Exercise
Drop the pictures and restate the rest of the listing word for word.

Source data
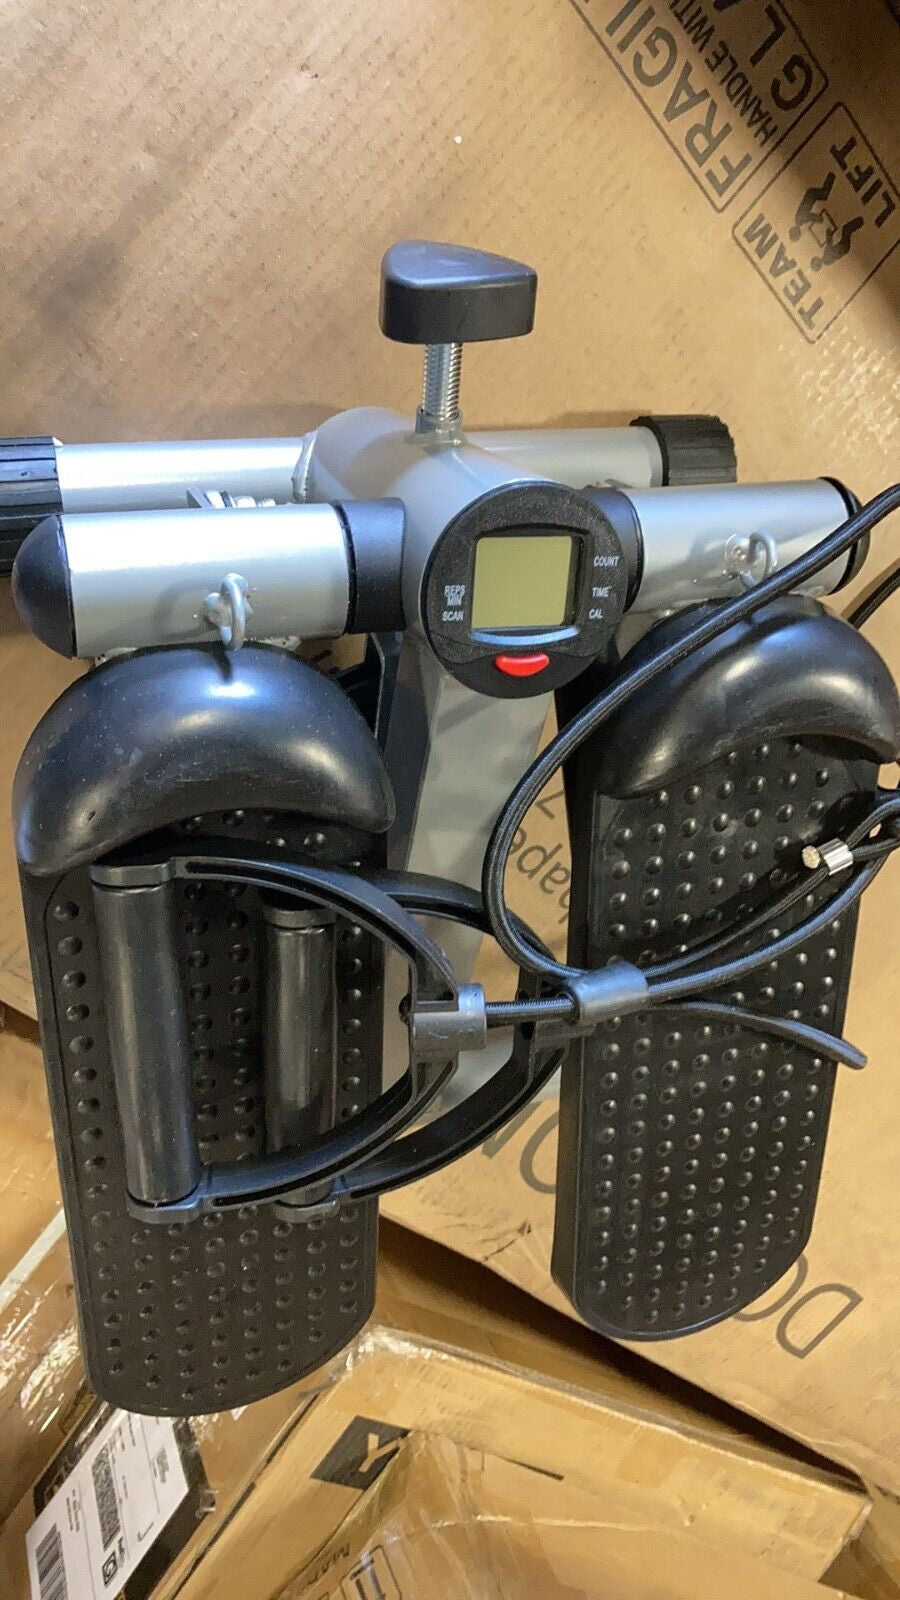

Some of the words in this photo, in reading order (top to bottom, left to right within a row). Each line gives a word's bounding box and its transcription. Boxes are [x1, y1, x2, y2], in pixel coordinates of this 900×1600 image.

[669, 0, 716, 53] WIT
[584, 0, 752, 198] FRAGIL
[704, 41, 778, 148] HANDLE
[829, 136, 896, 229] LIFT
[743, 213, 825, 330] TEAM
[593, 555, 620, 567] COUNT
[444, 585, 466, 597] REPS
[592, 586, 612, 598] TIME
[442, 610, 465, 622] SCAN
[589, 608, 604, 619] CAL
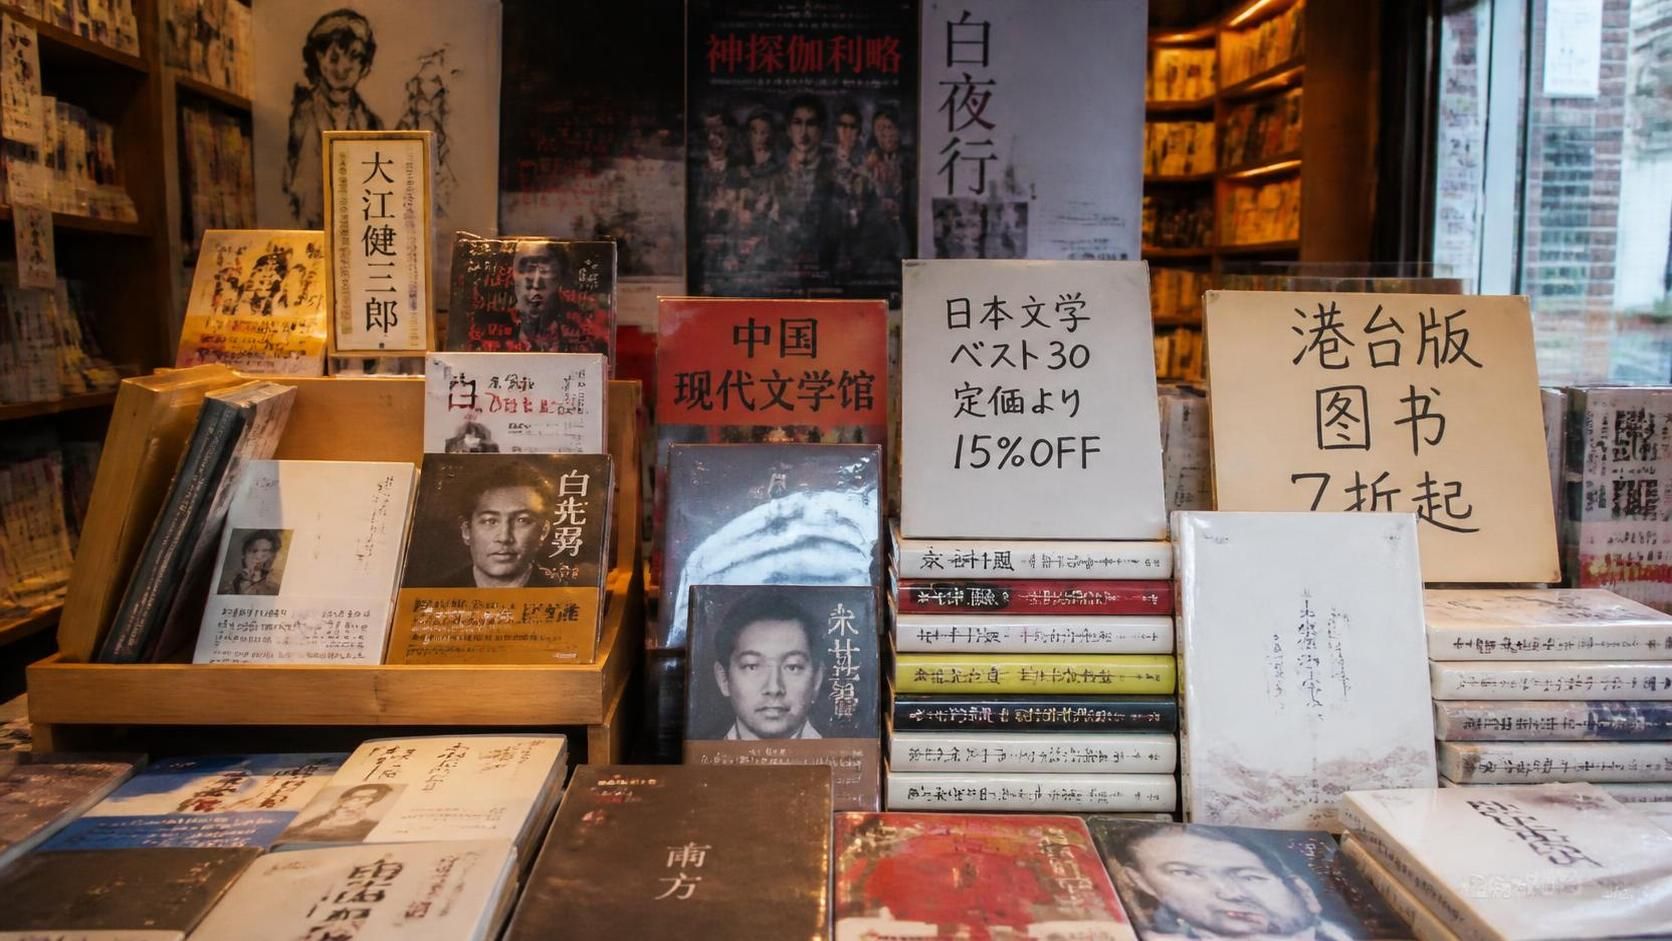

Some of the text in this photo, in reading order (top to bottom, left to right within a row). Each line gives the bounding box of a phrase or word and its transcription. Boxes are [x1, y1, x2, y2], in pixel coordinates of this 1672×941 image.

[706, 32, 901, 74] 神探伽利略
[937, 10, 999, 198] 白夜行
[361, 151, 398, 334] 大江健三郎
[946, 292, 1091, 333] 日本文学
[732, 317, 818, 359] 中国
[950, 339, 1090, 371] ベスト30
[1291, 300, 1483, 370] 港台版
[673, 368, 876, 413] 现代文学馆
[953, 381, 1080, 418] 定価より
[1315, 384, 1446, 457] 图书
[954, 434, 1101, 470] 15%OFF
[1290, 470, 1481, 533] 7折起

Output for this task
Some of the words in this photo, in reading order (top to bottom, left to right within a row). Each line gives a word's bounding box and its transcription. Boxes are [x1, y1, x2, y2], in pixel coordinates of this 900×1600 image.

[669, 0, 716, 53] WIT
[584, 0, 752, 198] FRAGIL
[704, 41, 778, 148] HANDLE
[829, 136, 896, 229] LIFT
[743, 213, 825, 330] TEAM
[593, 555, 620, 567] COUNT
[444, 585, 466, 597] REPS
[592, 586, 612, 598] TIME
[442, 610, 465, 622] SCAN
[589, 608, 604, 619] CAL

Some of the text in this photo, in reading order (top to bottom, left to right within a row). Each line gives the bounding box of a phrase or word and its transcription. Boxes are [x1, y1, x2, y2], in pixel coordinates of this 1672×941 image.

[706, 32, 901, 74] 神探伽利略
[937, 10, 999, 198] 白夜行
[361, 151, 398, 334] 大江健三郎
[946, 292, 1091, 333] 日本文学
[732, 317, 818, 359] 中国
[950, 339, 1090, 371] ベスト30
[1291, 300, 1483, 370] 港台版
[673, 368, 876, 413] 现代文学馆
[953, 381, 1080, 418] 定価より
[1315, 384, 1446, 457] 图书
[954, 434, 1101, 470] 15%OFF
[1290, 470, 1481, 533] 7折起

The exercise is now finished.